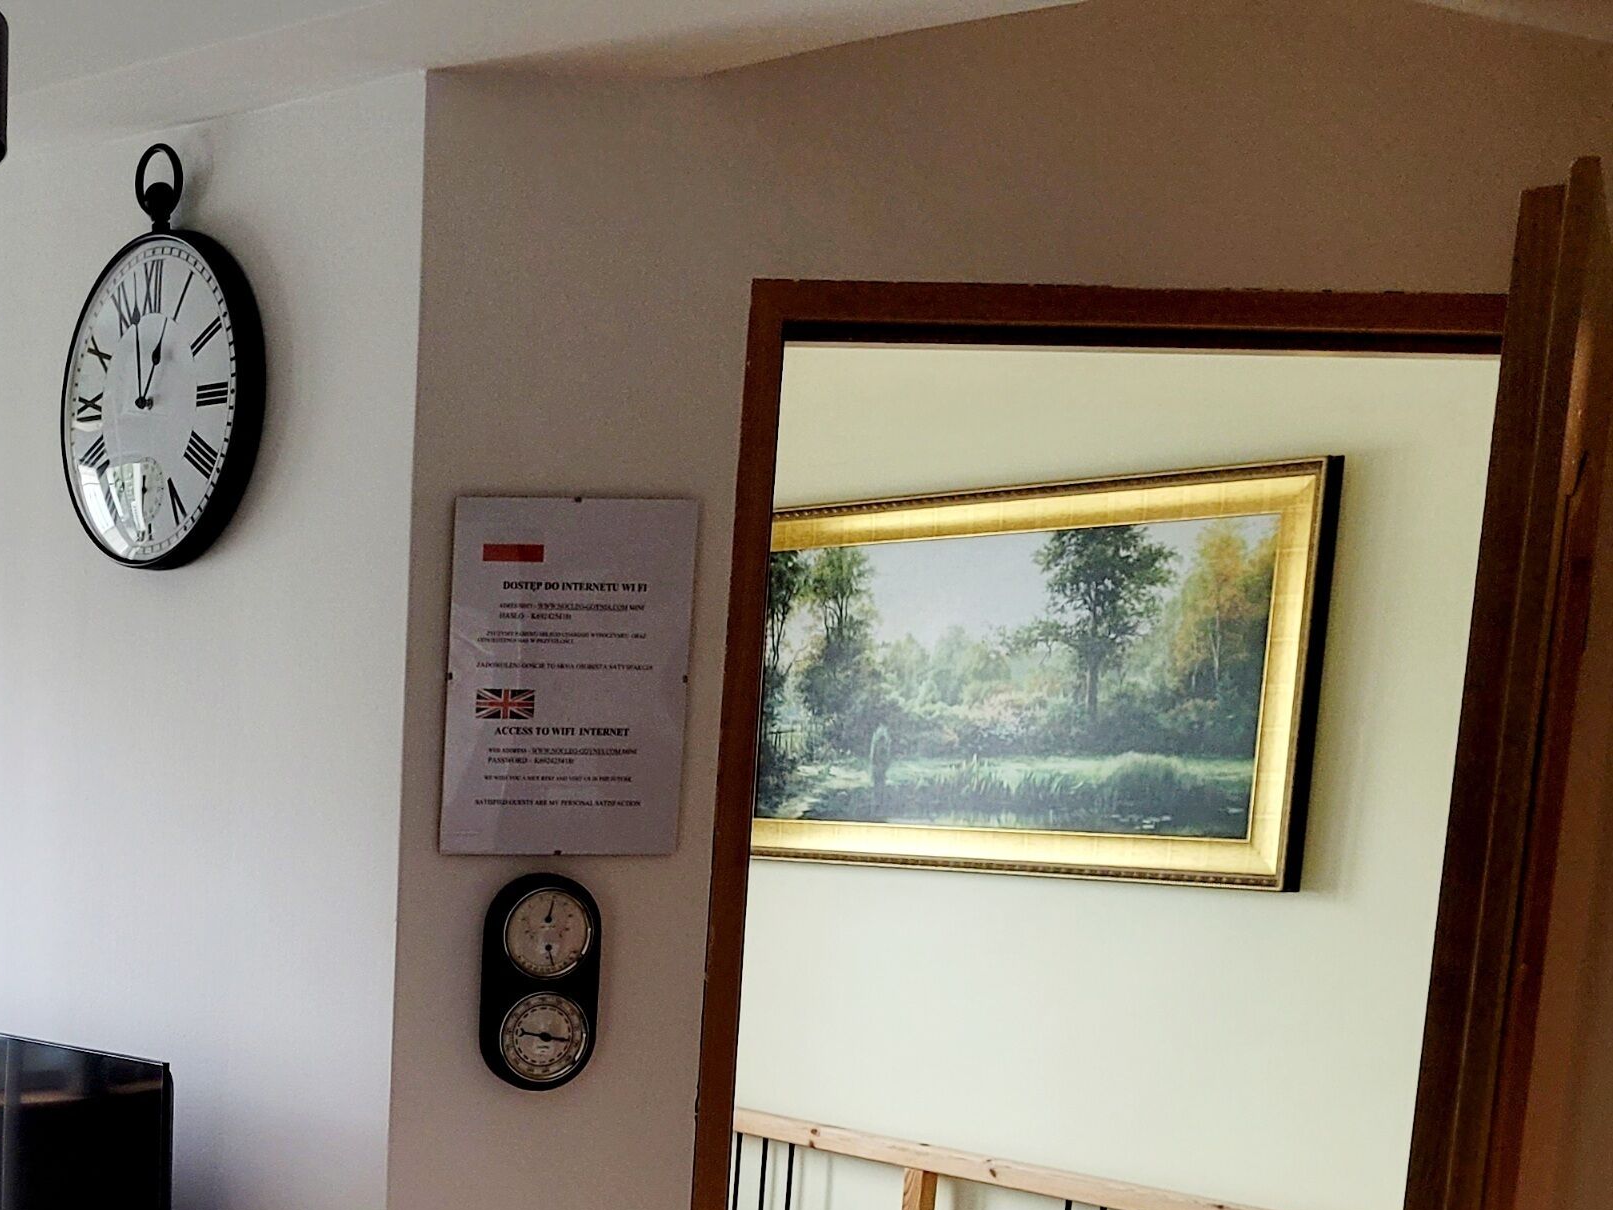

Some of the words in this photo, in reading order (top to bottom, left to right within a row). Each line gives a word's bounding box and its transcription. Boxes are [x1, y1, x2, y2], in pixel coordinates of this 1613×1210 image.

[143, 259, 165, 317] XII
[196, 381, 229, 408] III
[503, 581, 543, 593] DOSTĘP
[544, 581, 560, 591] DO
[561, 582, 619, 592] INTERNETU
[494, 726, 534, 736] ACCESS
[535, 726, 550, 736] TO
[551, 727, 576, 736] WIFI
[579, 727, 630, 737] INTERNET
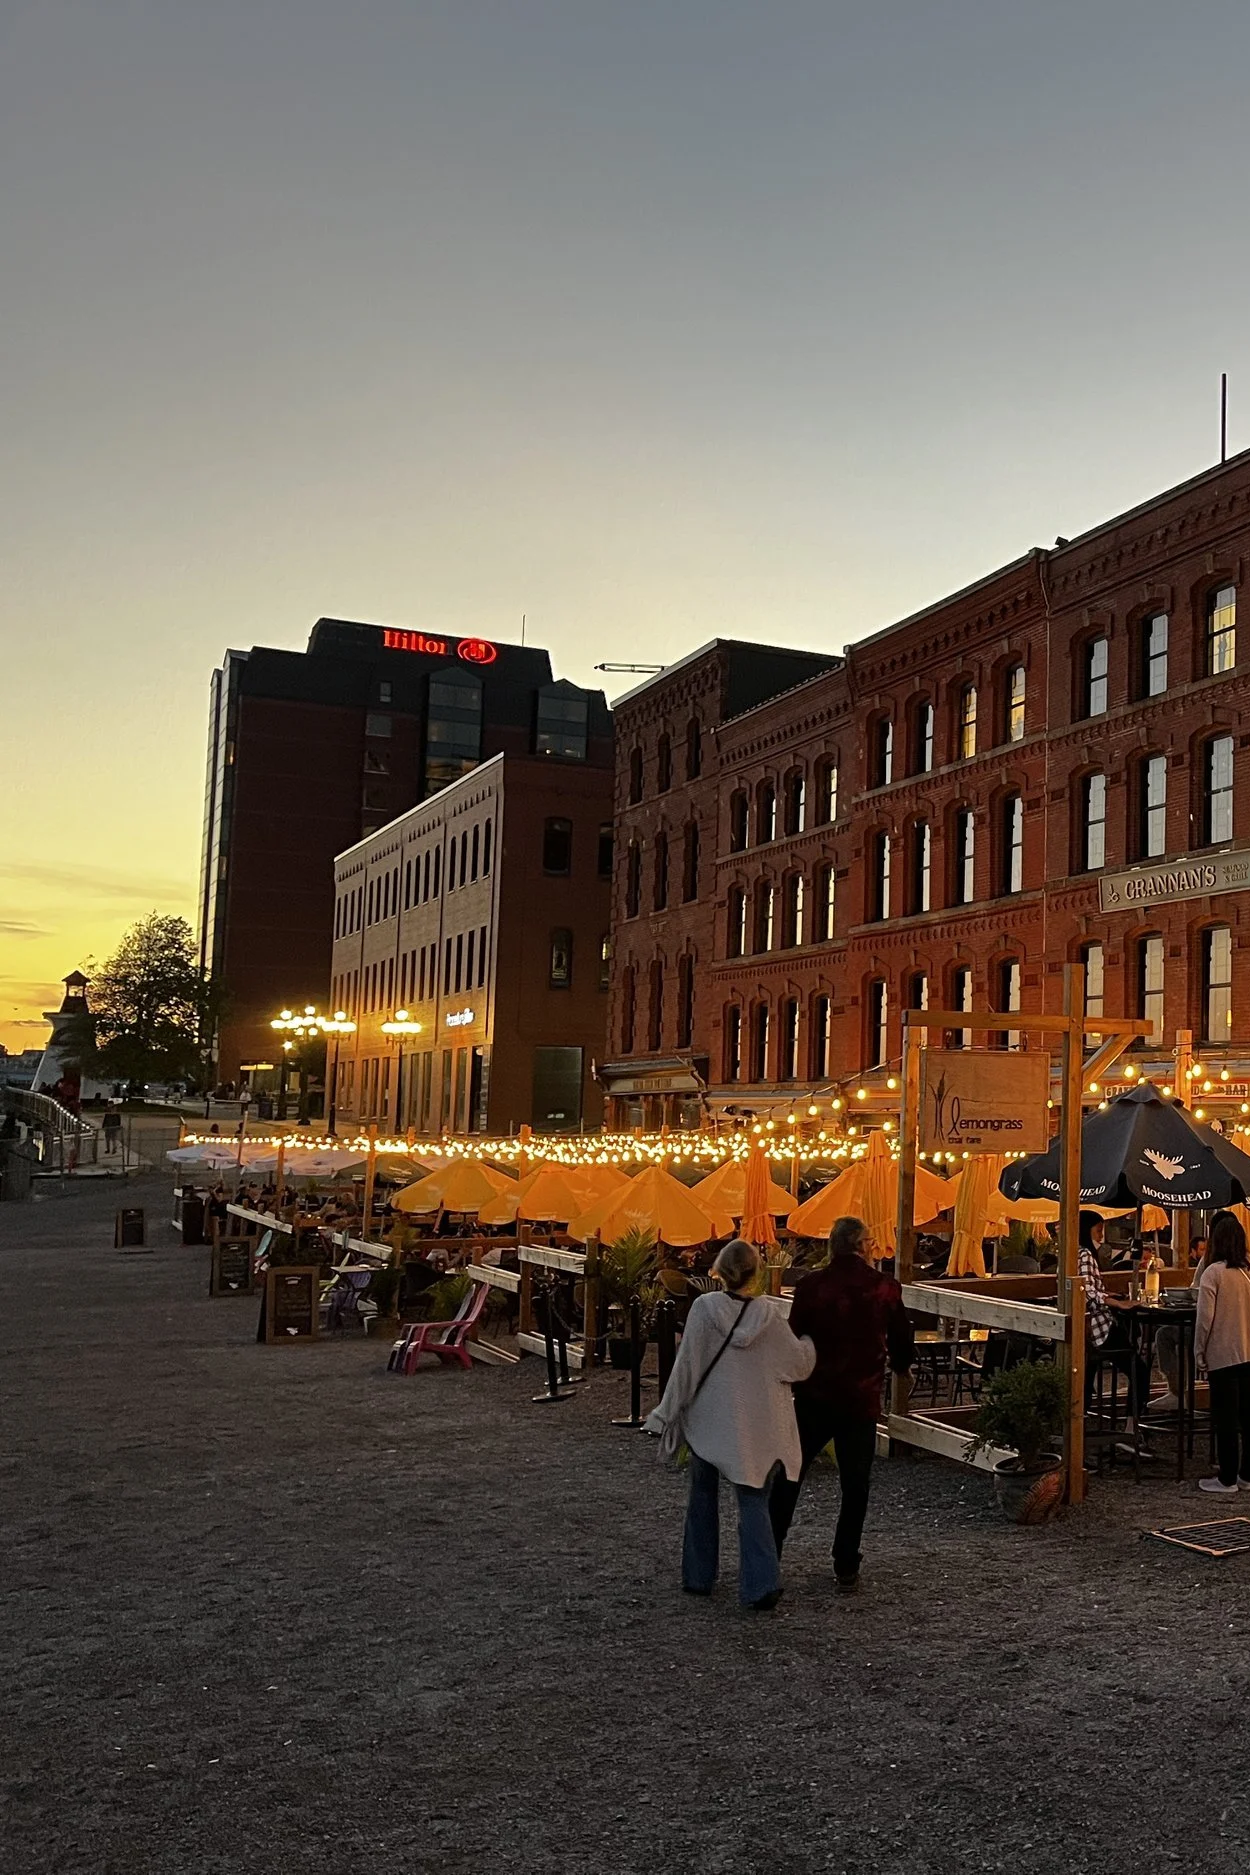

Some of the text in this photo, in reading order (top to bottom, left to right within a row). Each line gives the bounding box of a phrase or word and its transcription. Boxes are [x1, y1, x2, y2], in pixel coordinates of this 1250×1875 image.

WORK INSTRUCTIONS = Give the data again exactly, image-free.

OUTPUT OF THE TASK =
Some of the words in this photo, in reading order (top to bottom, left to right within a row). Each line gives a word's bounding box and its transcription. Boxes are [x1, y1, x2, y2], in pixel coordinates of this 1613×1210 image.

[143, 259, 165, 317] XII
[196, 381, 229, 408] III
[503, 581, 543, 593] DOSTĘP
[544, 581, 560, 591] DO
[561, 582, 619, 592] INTERNETU
[494, 726, 534, 736] ACCESS
[535, 726, 550, 736] TO
[551, 727, 576, 736] WIFI
[579, 727, 630, 737] INTERNET

Some of the text in this photo, in reading order (top to bottom, left to right within a row). Each line gives the bounding box of a phrase or word and its transcription. Boxes are [x1, y1, x2, y2], in pixel coordinates of this 1250×1875 image.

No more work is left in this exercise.